Irish Central Bank Governor Patrick Honohan said the state will probably be able to sidestep a March cash payment on its bank debt, boosting the government as it seeks to win voter backing for Europe’s fiscal treaty.
On March 31, the state is due to make a 3.1 billion-euro ($4.1 billion) cash payment to the former Anglo Irish Bank Corp., which is supposed to use the funds to reduce its emergency central bank borrowings. Instead, the lender may use the funds to buy a new Irish government bond, meaning no net cash outflow from the state, Honohan told lawmakers in Dublin, as talks with European authorities continue.
“While some technicalities still need to be resolved, it now seems likely that this effort will be successful,” Honohan said today.
Prime Minister Enda Kenny is seeking European help to restructure and cut the long-term cost of about 30 billion euros of so-called promissory notes used to bail out Anglo Irish in 2010. A concession on the debt may boost support for the fiscal compact. Ireland’s voters will decide on the treaty on May 31, Deputy Prime Minister Eamon Gilmore told lawmakers today.
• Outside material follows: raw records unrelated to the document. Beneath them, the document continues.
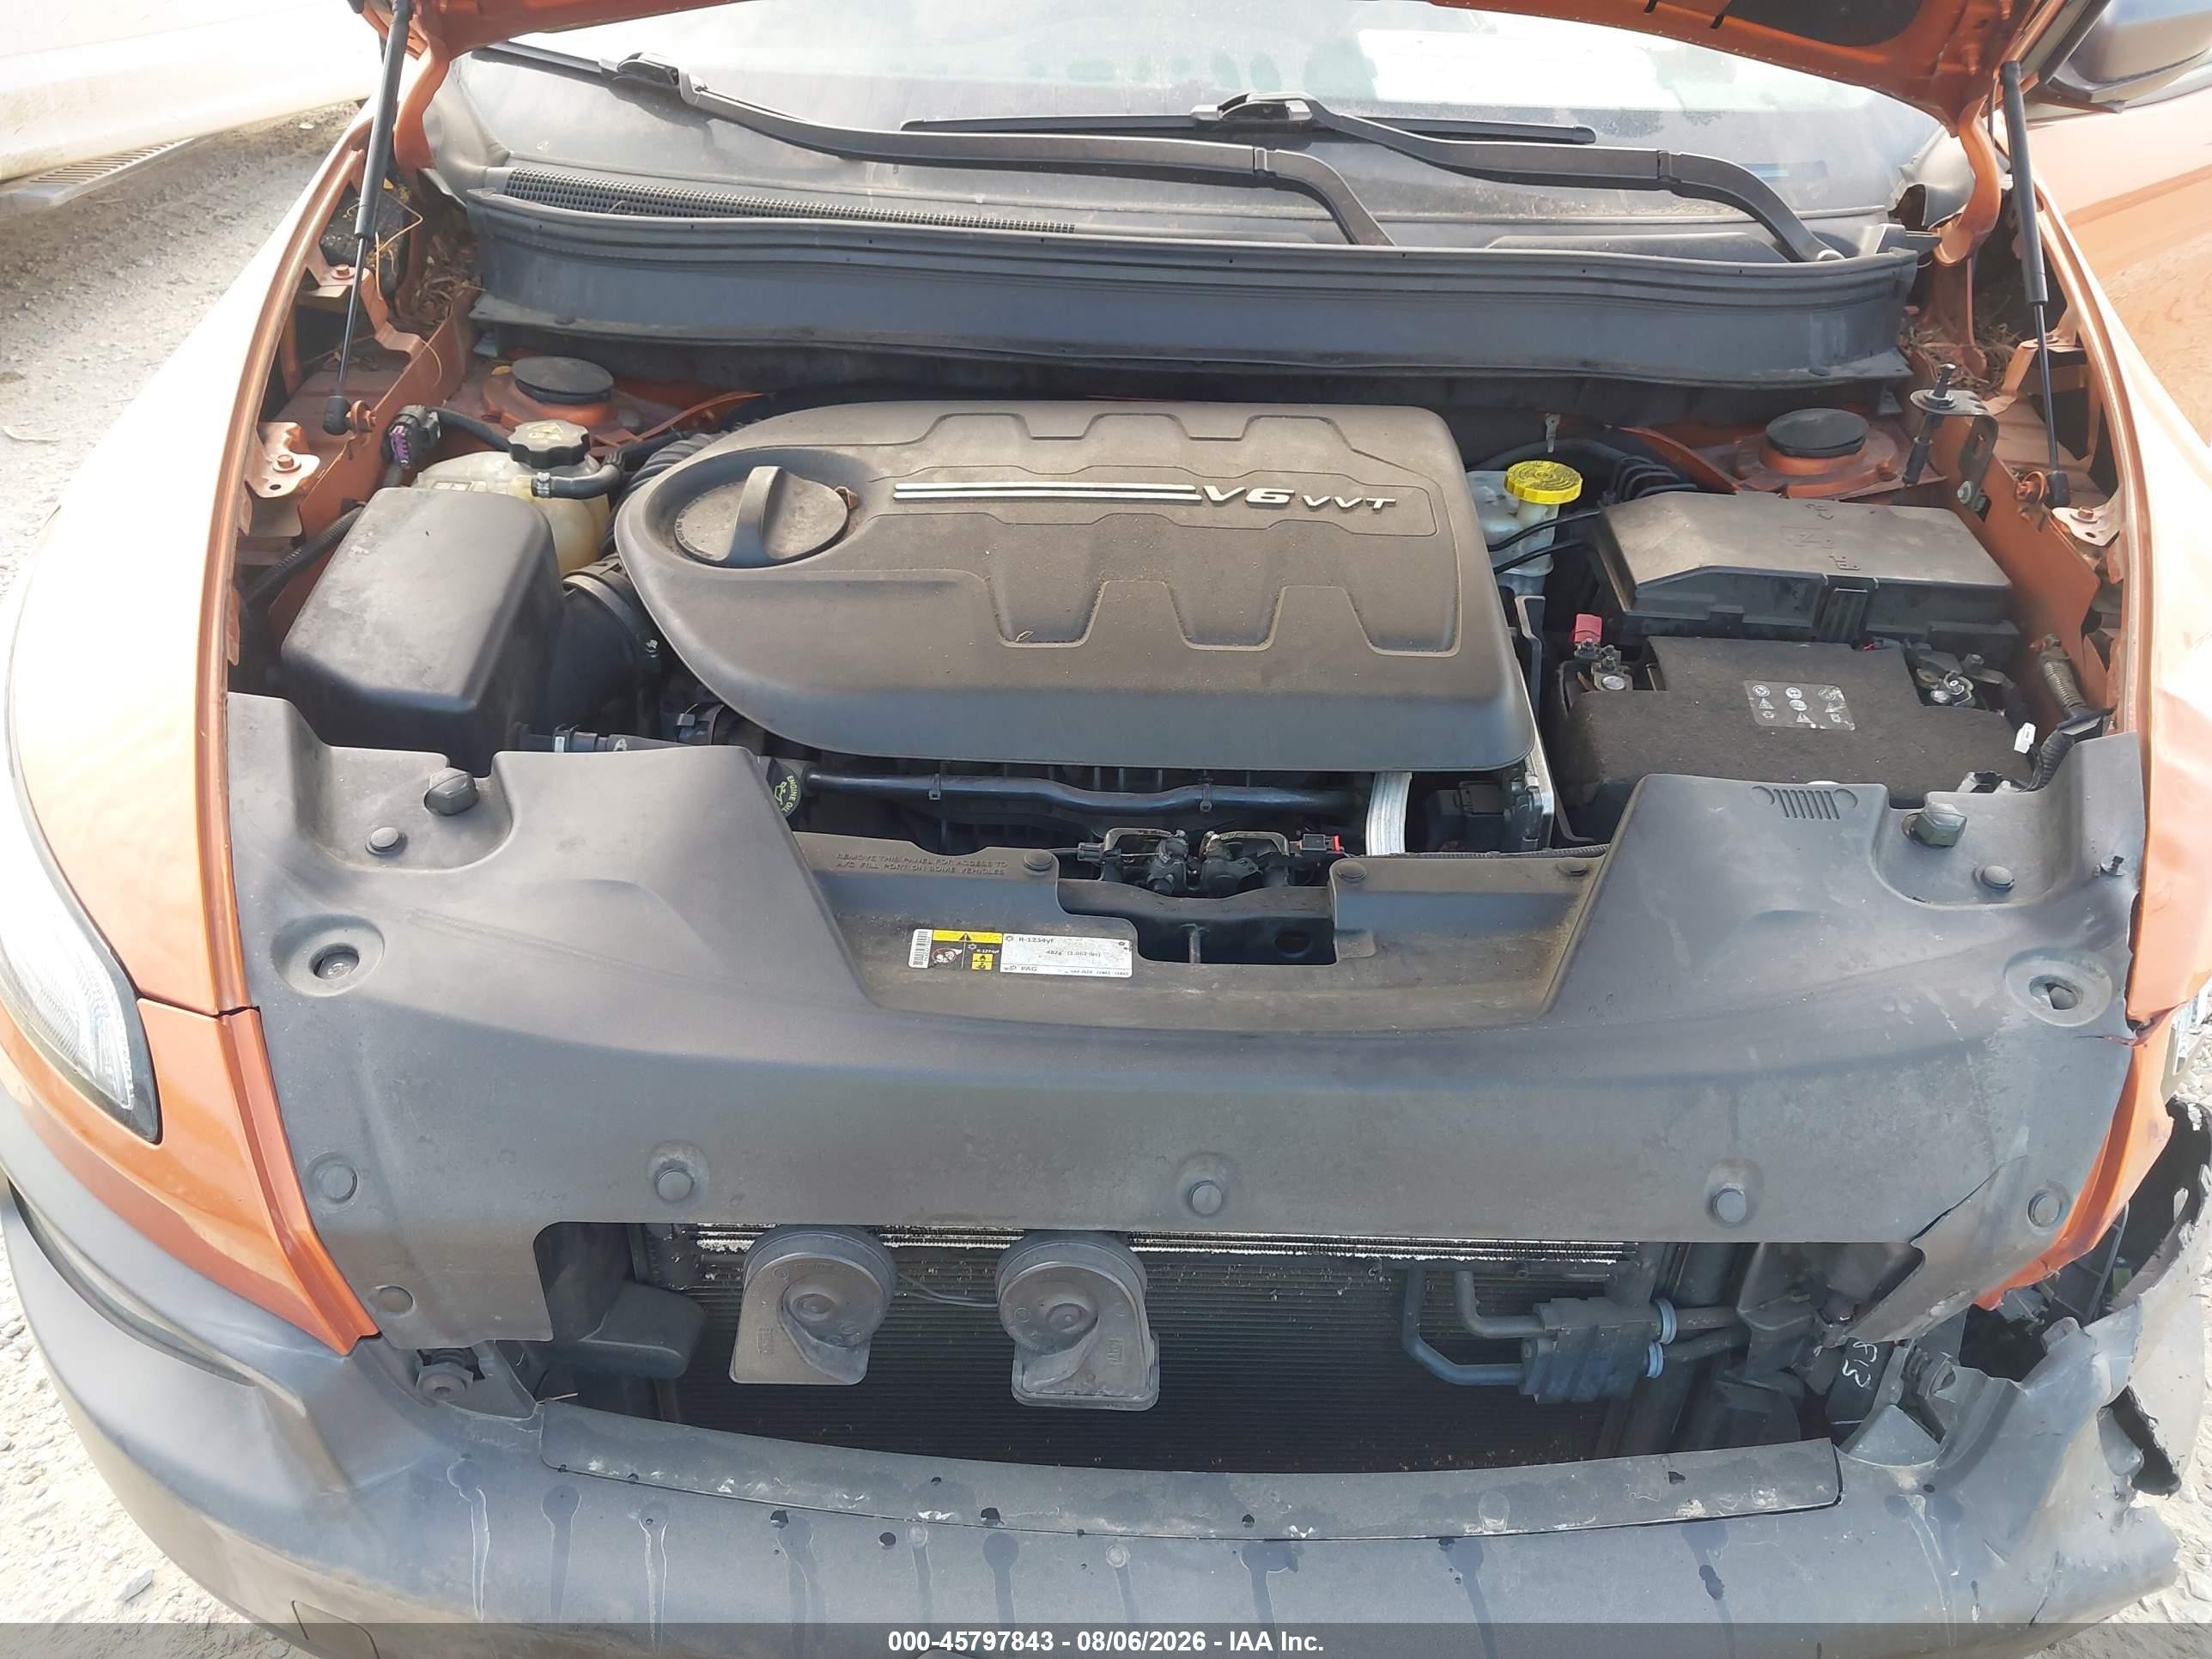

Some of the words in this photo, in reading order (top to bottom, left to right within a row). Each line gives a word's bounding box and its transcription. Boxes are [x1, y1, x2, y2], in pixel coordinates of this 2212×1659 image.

[1203, 485, 1296, 506] V6
[1302, 495, 1397, 511] VVT
[786, 775, 798, 801] ENGINE
[781, 801, 793, 812] OIL
[961, 866, 1006, 875] VEHICLES
An accord on the debt “certainly won’t hurt,” said Austin Hughes, an economist at KBC Bank Ireland in Dublin. “It’s modest positive for the yes side. A payout at the end of the Month would have had a significant impact on the no vote.”
Honohan said avoiding a net March cash payment is “half a step” to a wider solution to cutting the cost of the Irish banking bailout, which may take “several months” to reach.
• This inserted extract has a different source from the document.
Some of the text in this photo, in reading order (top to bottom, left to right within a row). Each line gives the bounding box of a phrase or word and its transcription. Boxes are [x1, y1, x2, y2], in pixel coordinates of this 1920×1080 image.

Ireland has committed a total of 34.7 billion euro toward rescuing the bank, which has been merged and renamed Irish Bank Resolution Corp., as of the end of 2010. The state made the first 3.1 billion euros cash payment last year.
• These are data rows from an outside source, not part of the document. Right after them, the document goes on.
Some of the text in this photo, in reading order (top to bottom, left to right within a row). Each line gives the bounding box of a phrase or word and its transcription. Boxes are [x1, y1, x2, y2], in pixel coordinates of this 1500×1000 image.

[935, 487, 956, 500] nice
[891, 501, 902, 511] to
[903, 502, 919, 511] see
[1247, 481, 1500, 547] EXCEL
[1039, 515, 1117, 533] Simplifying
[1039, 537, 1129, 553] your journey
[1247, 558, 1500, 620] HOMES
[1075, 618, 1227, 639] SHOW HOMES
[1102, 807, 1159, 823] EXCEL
“The sequence of annual cash payment by the government of 3.06 billion euros envisaged for the coming years in the promissory notes has become a source of risk to financial stability,” Honohan said. “A way of funding this cash payment over a much longer period would clearly help reduce this risk.”
To avoid injecting cash immediately into the lender two years ago, the Irish state gave it promissory notes. The bank uses the notes as collateral to access emergency funding from the country’s central bank.
By going ahead with the cash payment, Ireland is sticking to its commitment to IBRC, avoiding a default even though the bank may use the funds to buy a sovereign bond.
Luxembourg’s Jean-Claude Juncker, who leads the group of euro-area finance ministers, said he sees “good reasons” for easing Ireland’s debt burden after one of the costliest banking bailouts in history.
Ireland’s October 2020 bonds, regarded as the benchmark, yielded 6.83 percent today, down from 9.1 percent at the start of December.
Ireland, which sought an international bailout in 2010, is seeking a full return to international credit markets by the middle of next year.
The country’s debt agency, the National Treasury Management Agency, today said it had agreed to explore investment opportunities in Ireland, with CIC International, a subsidiary of China’s sovereign wealth fund. The accord showed Ireland is nation “is heading in the right direction,” Prime Minister Enda Kenny said in Beijing today.